Now you may be thinking, what on earth is she talking about?

Prepare to be grossed out, and please don’t read this while you’re eating.

The clue is in the word!

Poopocalypse – where the s**t hits the brush of your robot vacuum cleaner and you have to deal with the messy consequences.”

When we recommend robot vacuums for owners of pets, we mean the sucking up dog hair and dirt bit. For any dog owners out there, most don’t have the stereotypical dog that only sheds hair.

They like to test your commitment of love. Like leaving little brown presents around the floor when you least expect it.( I said it was gross)

This is usually a puppy problem which you expect to deal with in the first couple of months of ownership. Cloth and spray welded to your hand and expletives at the ready. That gorgeous puppy face is all that keeps you going through that smelly trial period.

bulldog with cleaning bucket

Then you get to the point that you believe you’ve cracked it and can get on with a normal life, right!

Wrong!

Occasionally, you step into an unexpected gift and the expletives return.

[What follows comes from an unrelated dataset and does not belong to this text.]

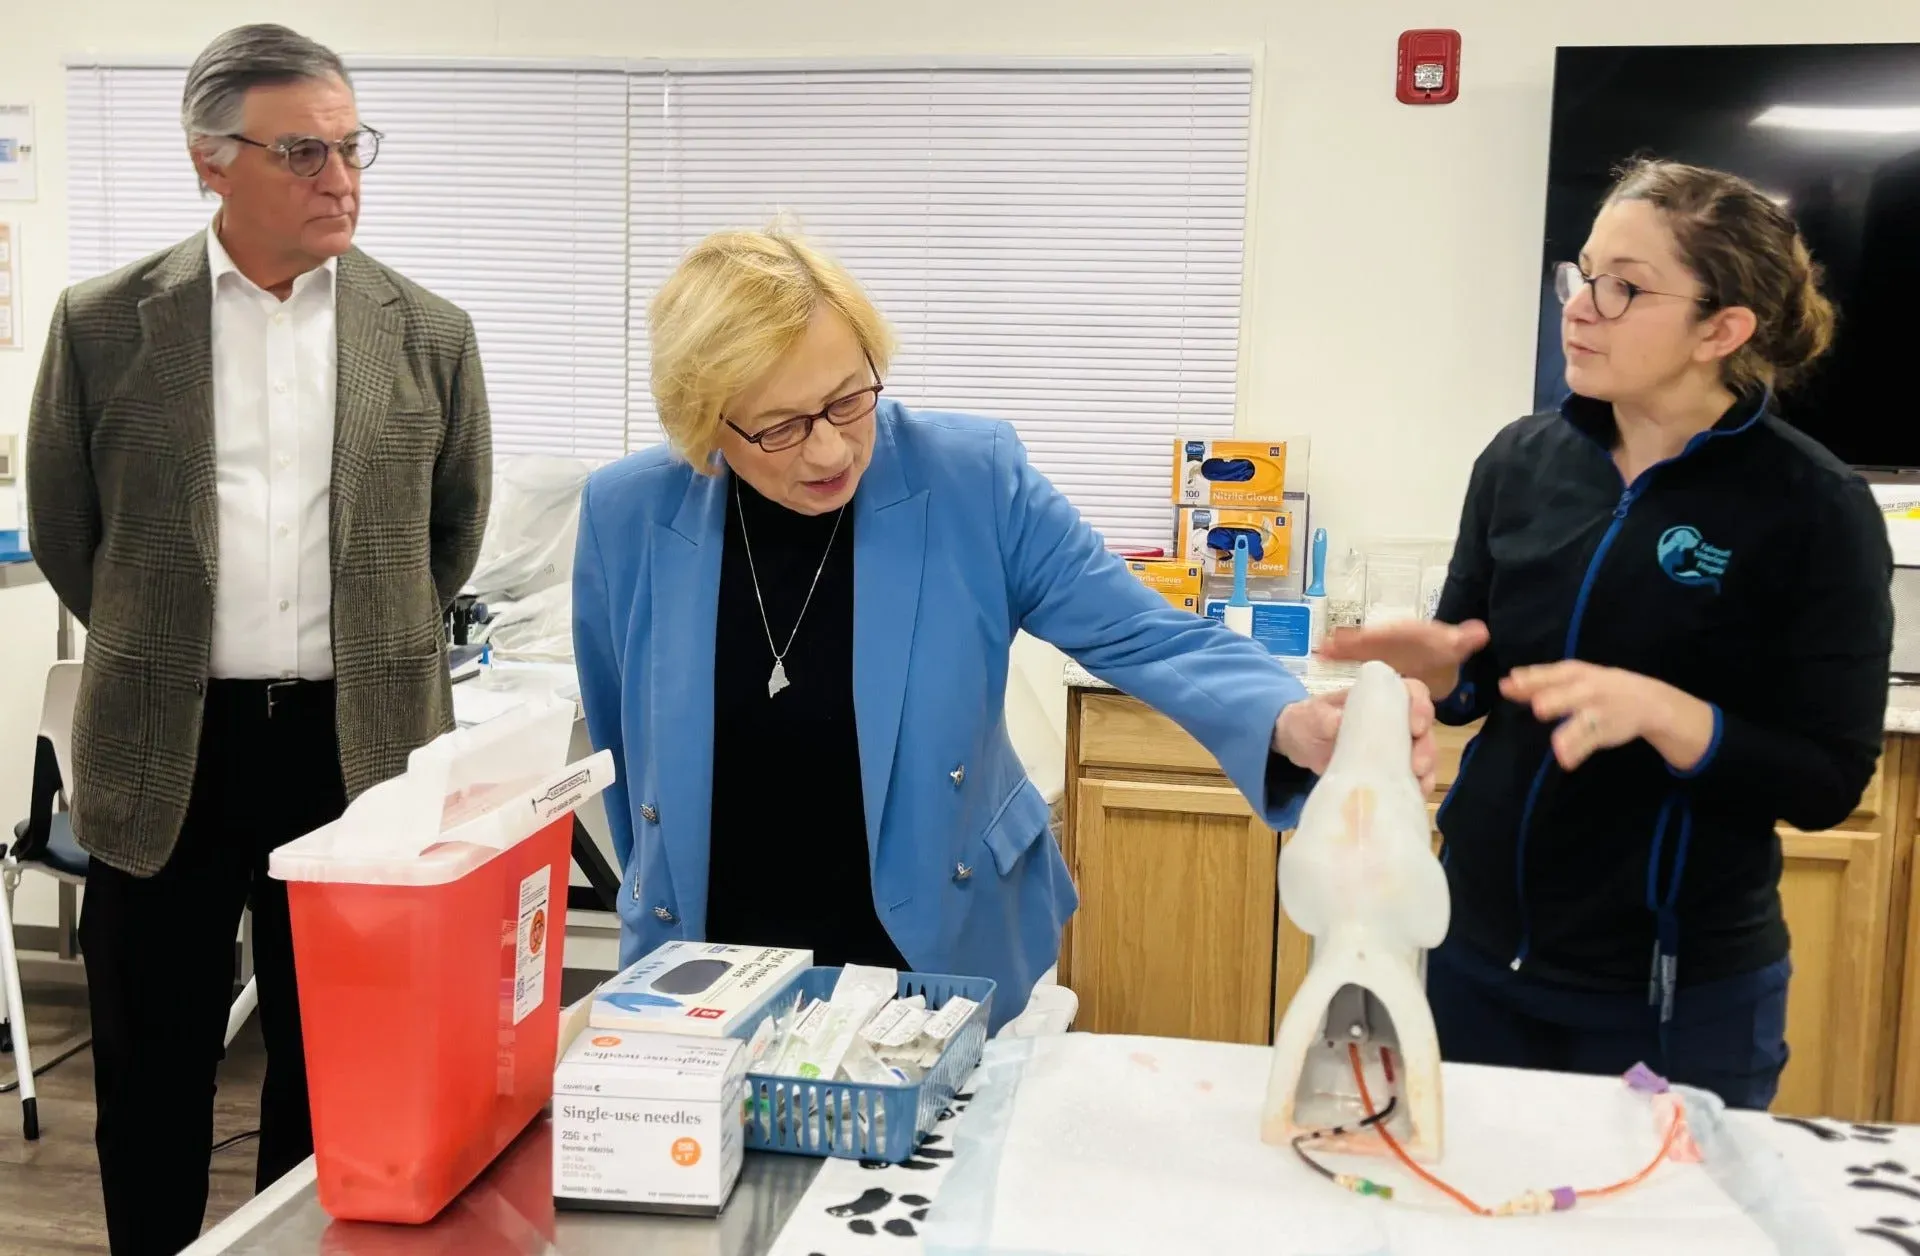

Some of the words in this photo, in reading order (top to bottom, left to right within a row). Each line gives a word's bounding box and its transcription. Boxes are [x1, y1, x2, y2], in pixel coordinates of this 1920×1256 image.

You hop and skip to the bathroom or the kitchen wondering what to grab first to clean up. You have a Pooptastrophe!

So what has this to do with robot vacuums, you might ask.

You bought that wonderful tool so that you didn’t have to vacuum the floor again. Didn’t you?

How great it is to set the timer and let it clean while you’re out at the shops or even while you’re in your bed at night. Waking up to a tidy, vacuumed floor is a luxury (shame it can’t wash up too).

Our robot marvel and a roaming dog might not be the best combination, UNSUPERVISED.

With suction and dirt detection the brushes on robot floor cleaners can tackle pet hair like a pro. It might surprise you what it can pick up.

Be under no illusion though, it doesn’t have a poop detector (at the moment).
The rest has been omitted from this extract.